The Caliph and his family were
dumped here...
...a provincial railway station,
30 miles outside Istanbul,
by authorities who wanted as few
people as possible to know
what was happening.
He waited at the station house for
13 hours.
The train, when it arrived, was the
Orient Express...
...ironically enough, then, as now,
one of the most flamboyant symbols
of Western wealth and reach.
An extra carriage had been added for
his luggage and his wives.
He left with a Swiss visa
and 2,000 British pounds.
He never came back.
In the West, no-one remembers this
moment.
But Osama bin Laden did.
When he destroyed
the World Trade Center
it was the end of the caliphate
that was uppermost in his mind.
"Our nation," he declared,
"has been tasting this humiliation
and contempt"
"for more than 80 years."
The caliphate is the kind of ideal
that never completely disappears.
For years it was locked-up in
history's left luggage.
But then, someone picked up the key.
In 2014, Isis declared a new
caliphate.
Their leader, al-Baghdadi, became
the new caliph.
This is the Monastery of Mar Mattai,
St Matthew.
Founded in the fourth century, it's
the oldest monastery in Iraq.
Once there were thousands of monks
here.
Now, only a handful.
And when I came here a few months
ago,
it was not hard to find the reason
why.
If you'd looked out here 1,200 years
ago,
you would have been looking at the
beating heart of Christendom.
Because at a time when the
Christians of Europe were
embattled and impoverished,
the Christians of the lands
out there were enjoying
a golden age.
Those days have long gone.
Um, in this huge monastery,
there are now only two monks.
And if those two monks ventured down
there beyond that ridge,
you see there are two black patches
over there,
like kind of patches of mould.
Those are villages, and if the monks
went into those villages,
they would be killed on the spot.
Um...
Just beyond the horizon lies the
city of Mosul where,
for the first time in 1,500 years,
Mass is no longer heard.
And the reason for that is that over
there...
...those lands that were once the
Christian heartlands
are now the Islamic State.
Out there are the shock troops of
Isis.
The holy place.
I should also show you the secret
altar in the monastery.
Maybe if you want, you can see it
now.
I would like that.

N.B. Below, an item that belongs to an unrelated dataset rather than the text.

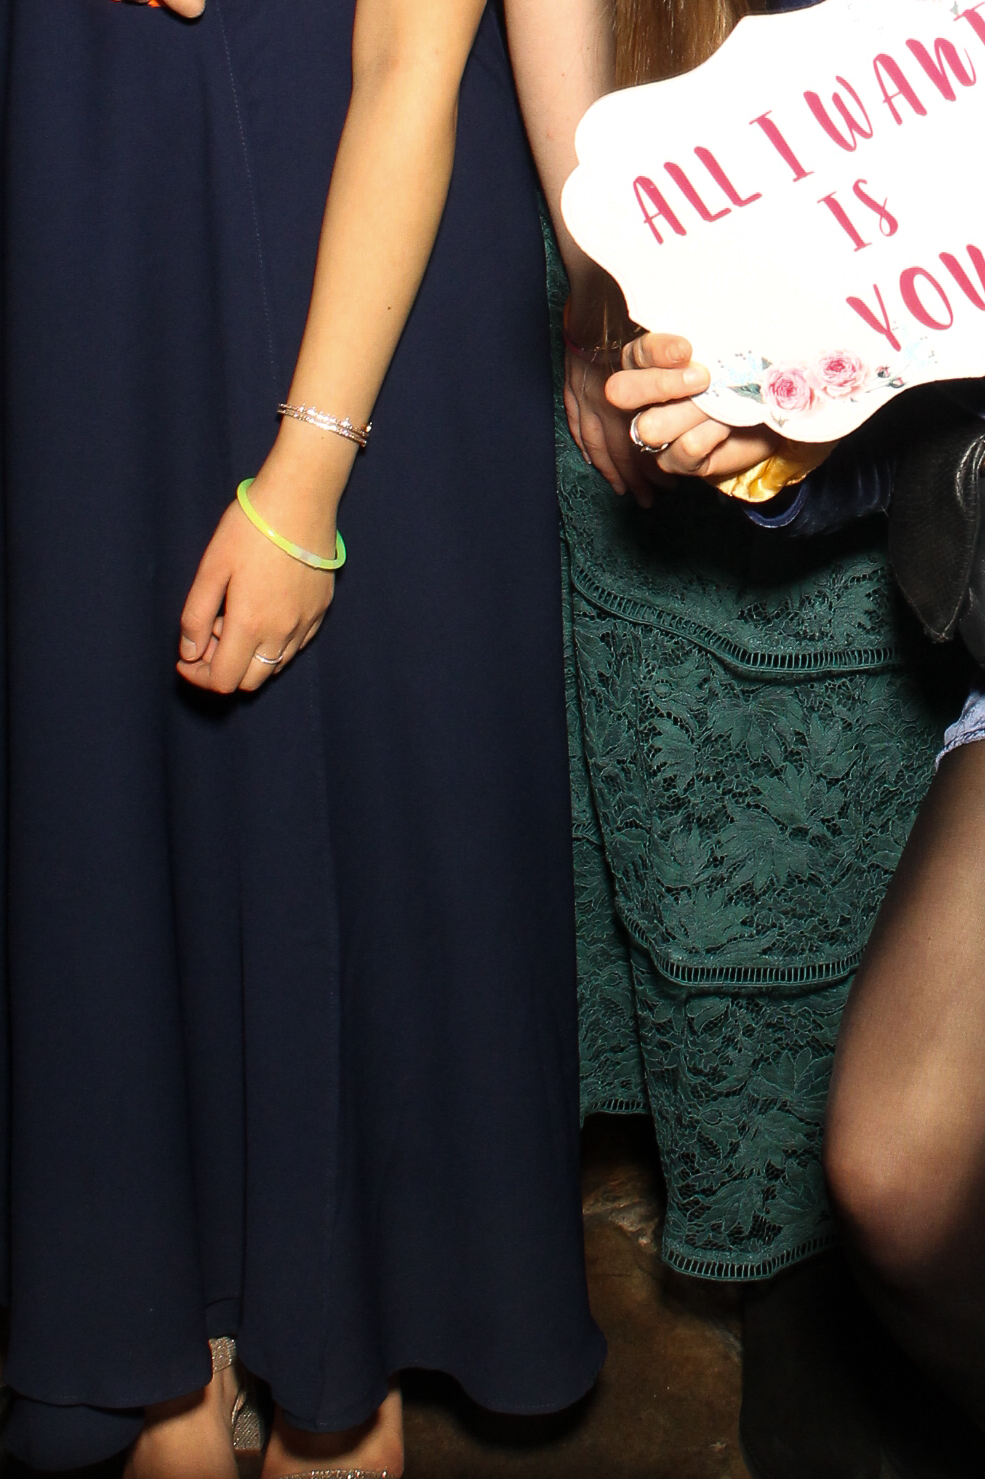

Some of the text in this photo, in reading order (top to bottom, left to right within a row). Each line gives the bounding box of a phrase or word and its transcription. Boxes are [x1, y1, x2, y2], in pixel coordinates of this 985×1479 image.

[632, 145, 762, 245] ALL
[749, 110, 814, 183] I
[817, 178, 899, 252] IS

Yes.
Thank you.
Father Yusuf is one of the very few
monks left in this monastery.
For 1,400 years, Christians here
have been preparing for the worst.
But there's no way to prepare
against Isis.
And we have another, more secretly
from here.
Oh, yes! Yes, this one.
You can see, it's so small,
it does not take more than four
people.
The priest and the monks here,
they used to use this altar when
they were attacked.
It's isolated.
And so they can... No
one can hear them.
And no one will know that they are
here.
Yes.
It must make you feel s...
...very close to the founder of the
church.
Yes. To be here, and facing what you
face. Yes.
Mar Mattai has a long history, but
has it got a future?
I don't see any future for the
Christians here.
So, why are you here?
It's my duty, firstly.
My faith.
What I'm learned from my religion,
from the word of the Bible,
Jesus Christ, that's made me
not frightened
from any things.
Because they can do nothing more
than to kill me.
1,400 years ago,
monks like Father Yusuf provided Muhammad
himself with a model of holiness.
Islam, though, would give
monasticism a novel spin.
"Our monasticism", the prophet is
reported as saying,
"is jihad in the cause of God.
"Our monasticism is the crying of
"Allahu Akbar" on hilltops."
This is Sinjar, 80 miles west of the
monastery.
Isis came here in August 2014.
By the time they left five months
later, 5,000 men had been massacred.
Women and children carried off.
Spongepants Bob.
It's the quality of a nightmare.
You're walking through an absolutely
shattered city, and you see...
...a cartoon character.
And then on the other side, you've got
what looks like a kind of Roman city.
Except that this destruction was
made, it wasn't made by legions,
it was made by suicide bombers.
When they came into Sinjar, they
left...
...heads everywhere on spikes,
hanging in public places,
like the cruellest of Mesopotamian
kings.
And like a Roman legion,
they took away the women and the
girls into slavery.
So, what I think is...
...they are...
They're like ghosts, risen up from
the past of vanished empires.
And they're kind of like ghouls
picking their way over this rubble.
Oh, and I'm going to be sick.
What I'm thinking is, uh, that...
...when you go to a Roman city and
you go up a street...
...like Pompeii or something,
you can be reasonably sure that
you're not going to get blown up.
But this looks like it hasn't been
cleared.
And there's been a lot of fighting
here.
And part of me is wondering what
might go off at any minute.
And it strikes me that, um...
...that's kind of true to history,
actually,
because there are things in the past
that are like unexploded bombs,
that just lie in wait in the rubble.
And then... ...something
happens to trigger them.
And... There are clearly
verses in the Quran,
and stories that are told about
Mohammed that are very like, um...
...mines waiting to go off.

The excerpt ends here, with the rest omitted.